* [What to produce]: When copying the entries below, leave out every picture and keep the rest exact.

* [Stored data entries]:
»»
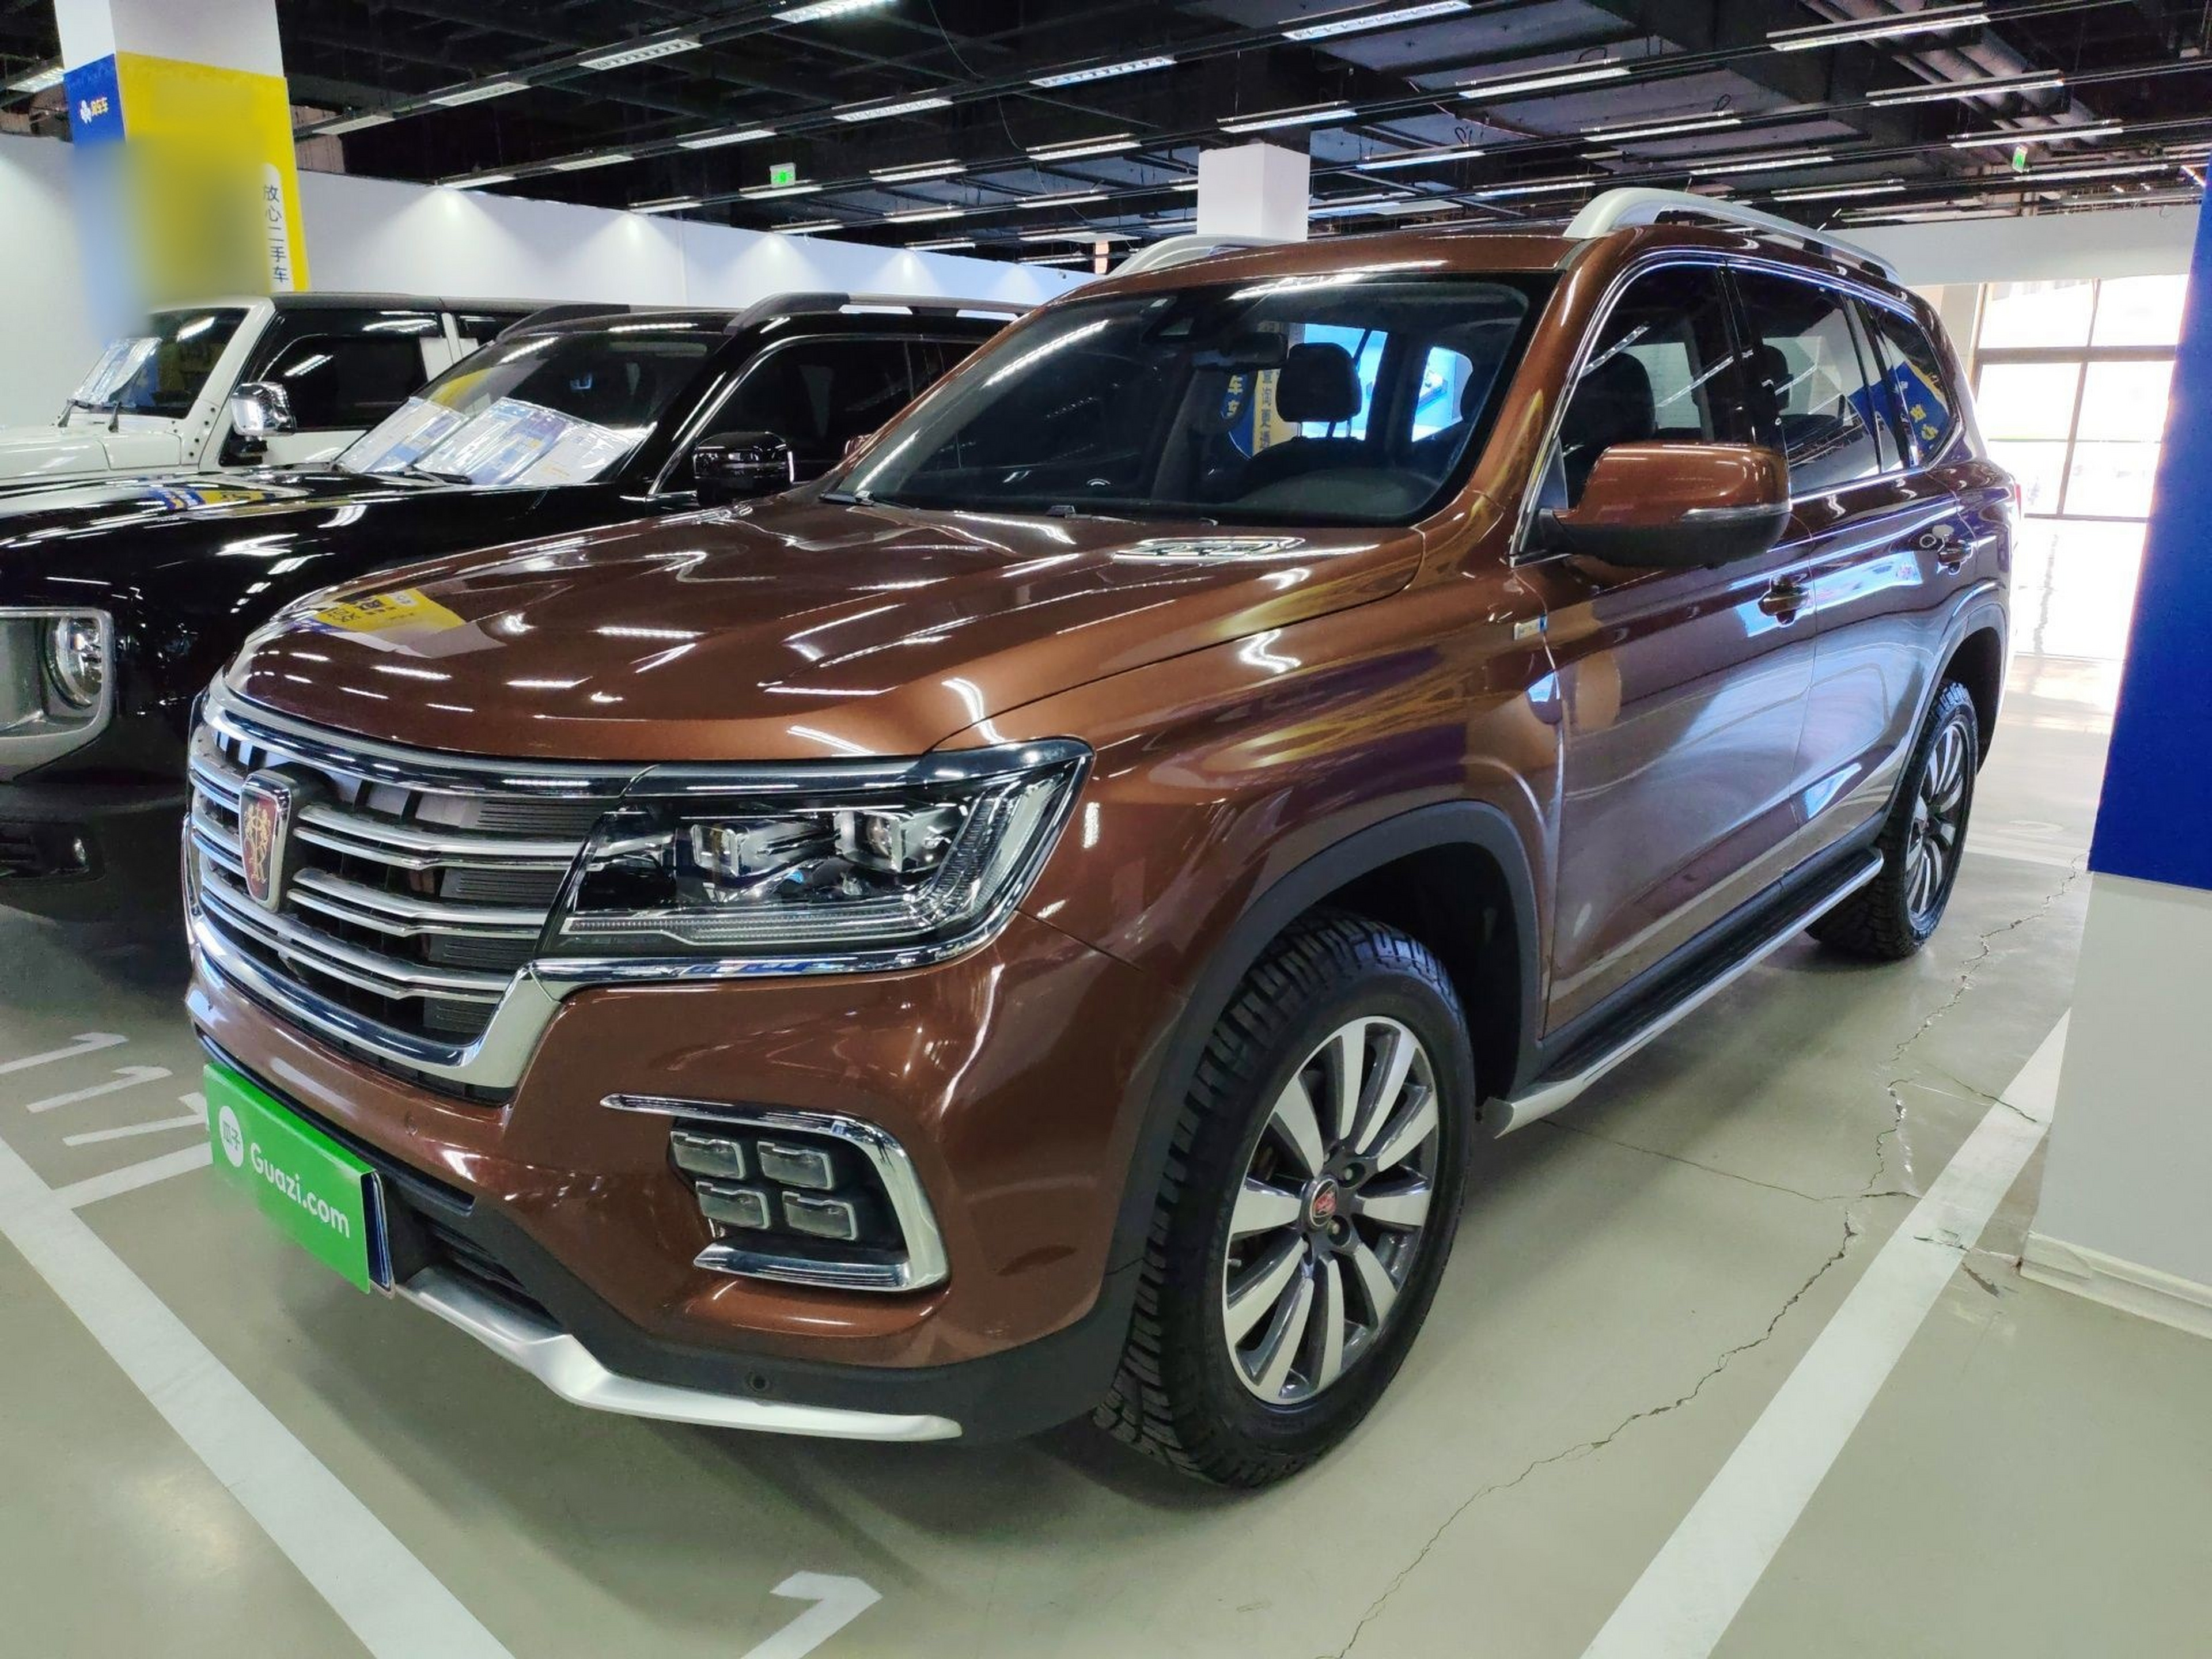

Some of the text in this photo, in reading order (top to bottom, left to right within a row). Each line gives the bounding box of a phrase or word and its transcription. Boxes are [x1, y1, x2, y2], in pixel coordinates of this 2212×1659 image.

[263, 184, 289, 282] 放心二手车
[221, 1120, 241, 1152] 瓜子
[251, 1142, 350, 1238] Guazi.com
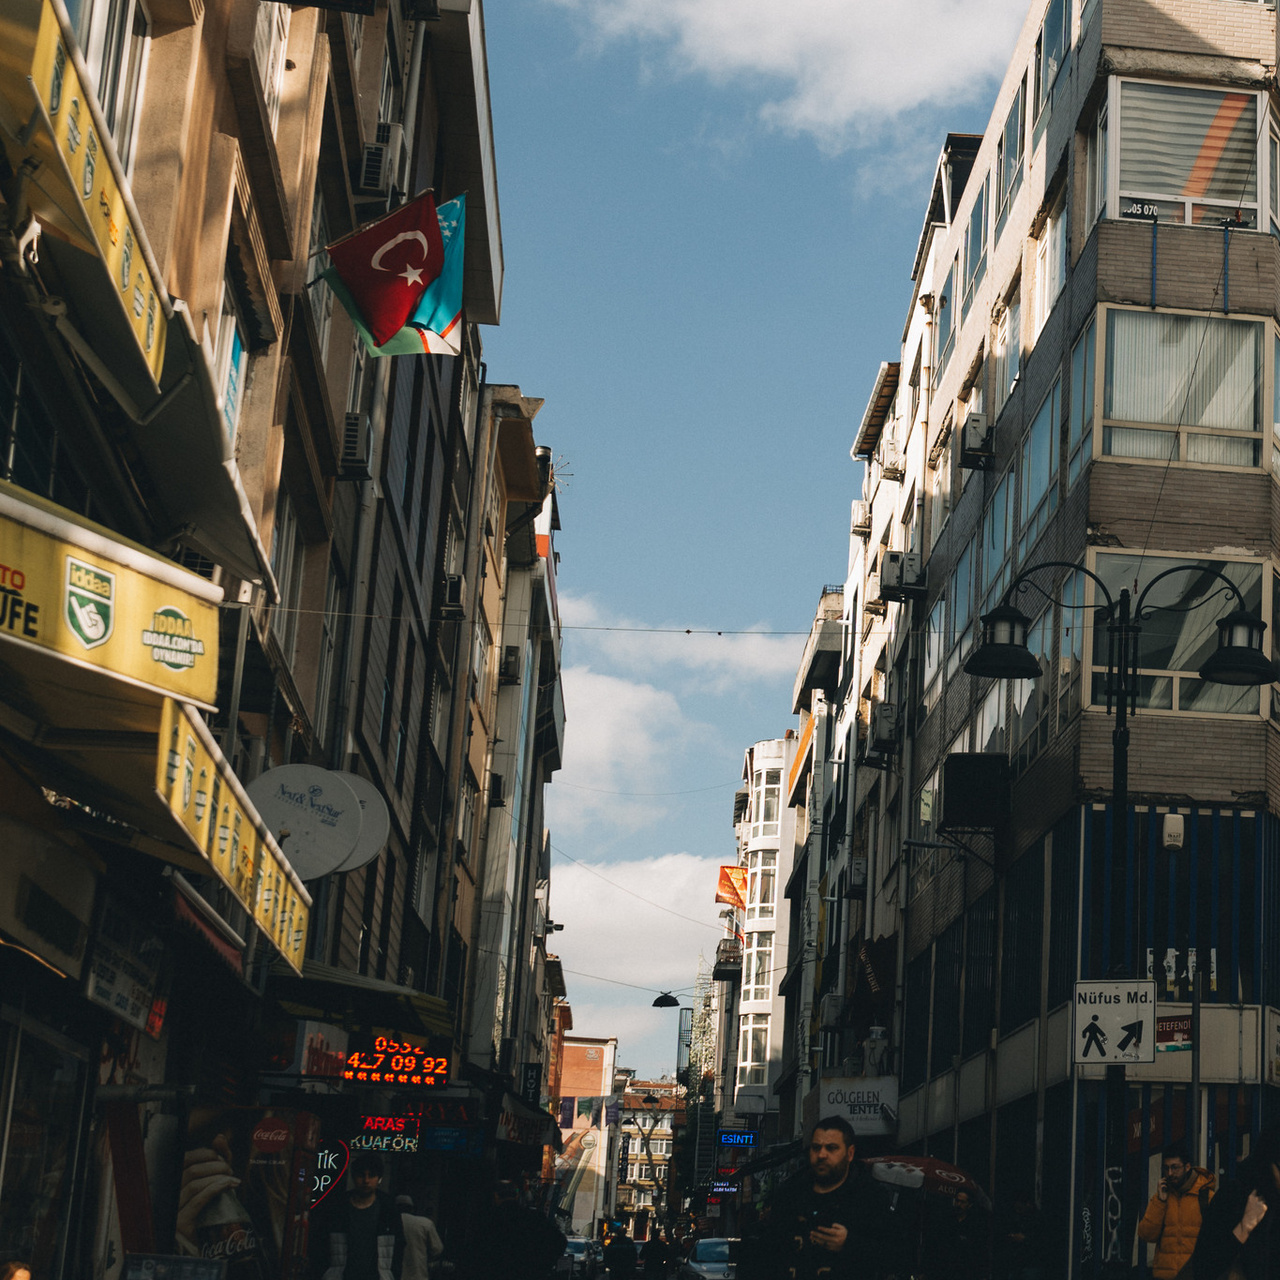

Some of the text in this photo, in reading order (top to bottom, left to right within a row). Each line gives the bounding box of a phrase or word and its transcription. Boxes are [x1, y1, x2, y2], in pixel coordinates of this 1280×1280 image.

[70, 564, 111, 598] iddaa
[1078, 991, 1153, 1004] Nüfus Md.
[391, 1055, 416, 1071] 09
[422, 1057, 447, 1074] 92
[827, 1089, 880, 1104] GÖLGELEN
[363, 1117, 405, 1131] ARAS
[721, 1134, 753, 1144] ESİNTİ
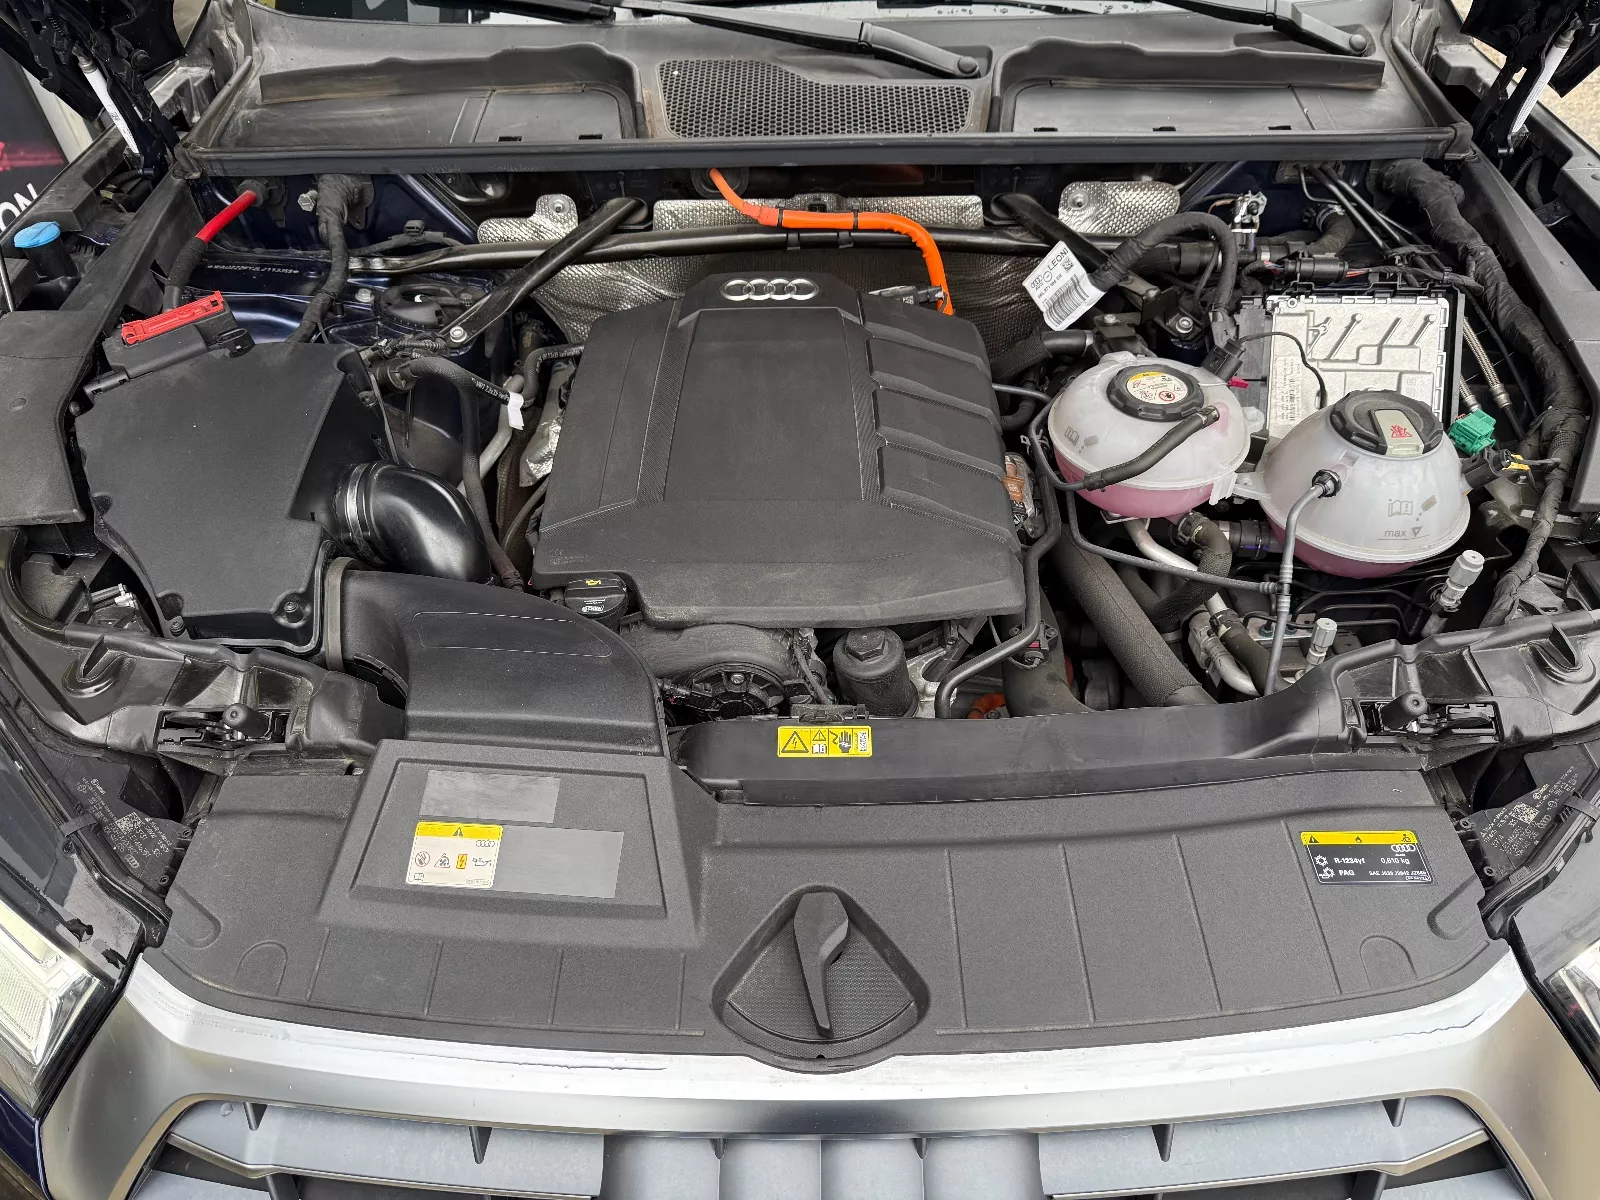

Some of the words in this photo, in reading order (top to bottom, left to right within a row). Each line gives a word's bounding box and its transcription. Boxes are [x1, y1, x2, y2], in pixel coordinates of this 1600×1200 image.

[1048, 247, 1069, 271] LEONI
[1384, 530, 1407, 538] max
[1333, 857, 1365, 865] R-1234yf
[1381, 857, 1399, 865] 0,610
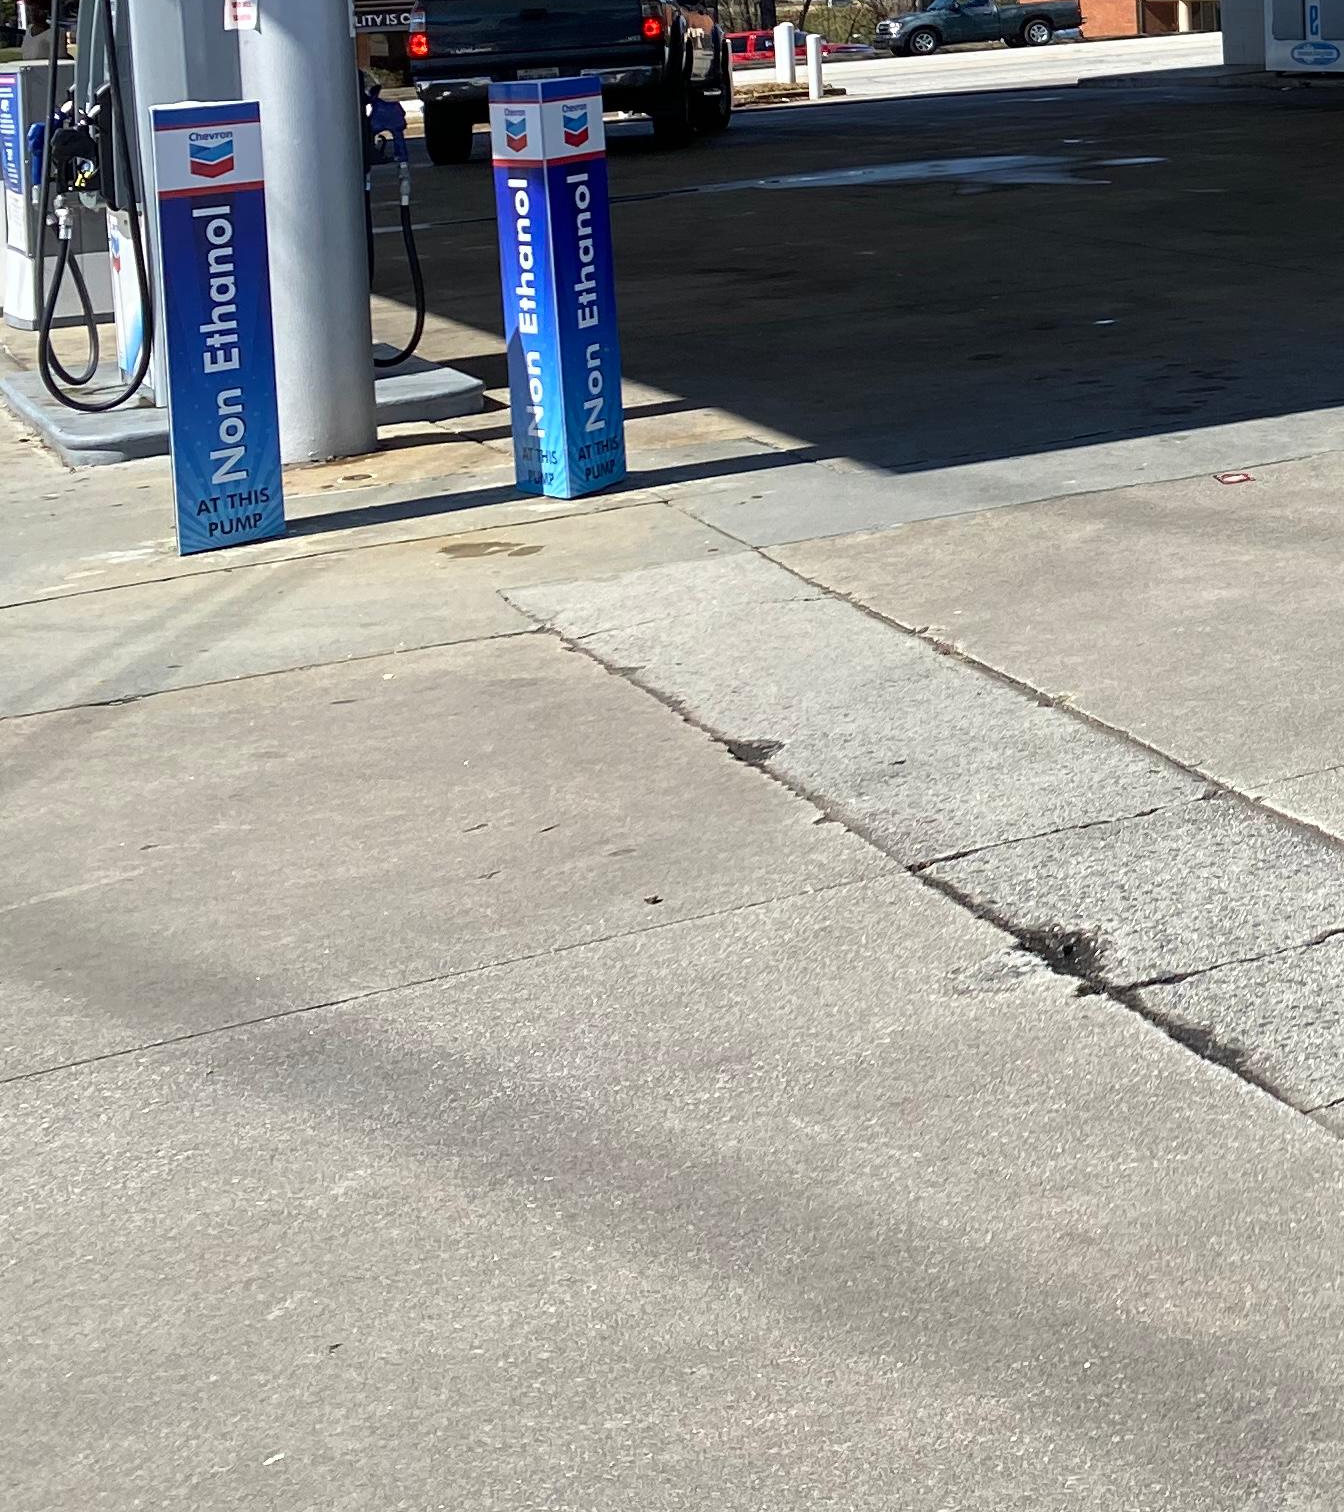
««
* [Result for this exercise]:
Some of the text in this photo, in reading order (top to bottom, left to right within a row). Each line gives the bounding box of a phrase or word and its transcription. Boxes are [x1, y1, x2, y2], in pixel coordinates of this 2212×1659 image.

[263, 184, 289, 282] 放心二手车
[221, 1120, 241, 1152] 瓜子
[251, 1142, 350, 1238] Guazi.com

Some of the text in this photo, in reading order (top to bottom, left to right within a row). Each line gives the bounding box of a phrase or word and its transcription. Boxes are [x1, y1, x2, y2], in pixel coordinates of this 1280×1280 image.

[70, 564, 111, 598] iddaa
[1078, 991, 1153, 1004] Nüfus Md.
[391, 1055, 416, 1071] 09
[422, 1057, 447, 1074] 92
[827, 1089, 880, 1104] GÖLGELEN
[363, 1117, 405, 1131] ARAS
[721, 1134, 753, 1144] ESİNTİ

Some of the words in this photo, in reading order (top to bottom, left to right within a row). Each line gives a word's bounding box and its transcription. Boxes are [x1, y1, x2, y2], in pixel coordinates of this 1600×1200 image.

[1048, 247, 1069, 271] LEONI
[1384, 530, 1407, 538] max
[1333, 857, 1365, 865] R-1234yf
[1381, 857, 1399, 865] 0,610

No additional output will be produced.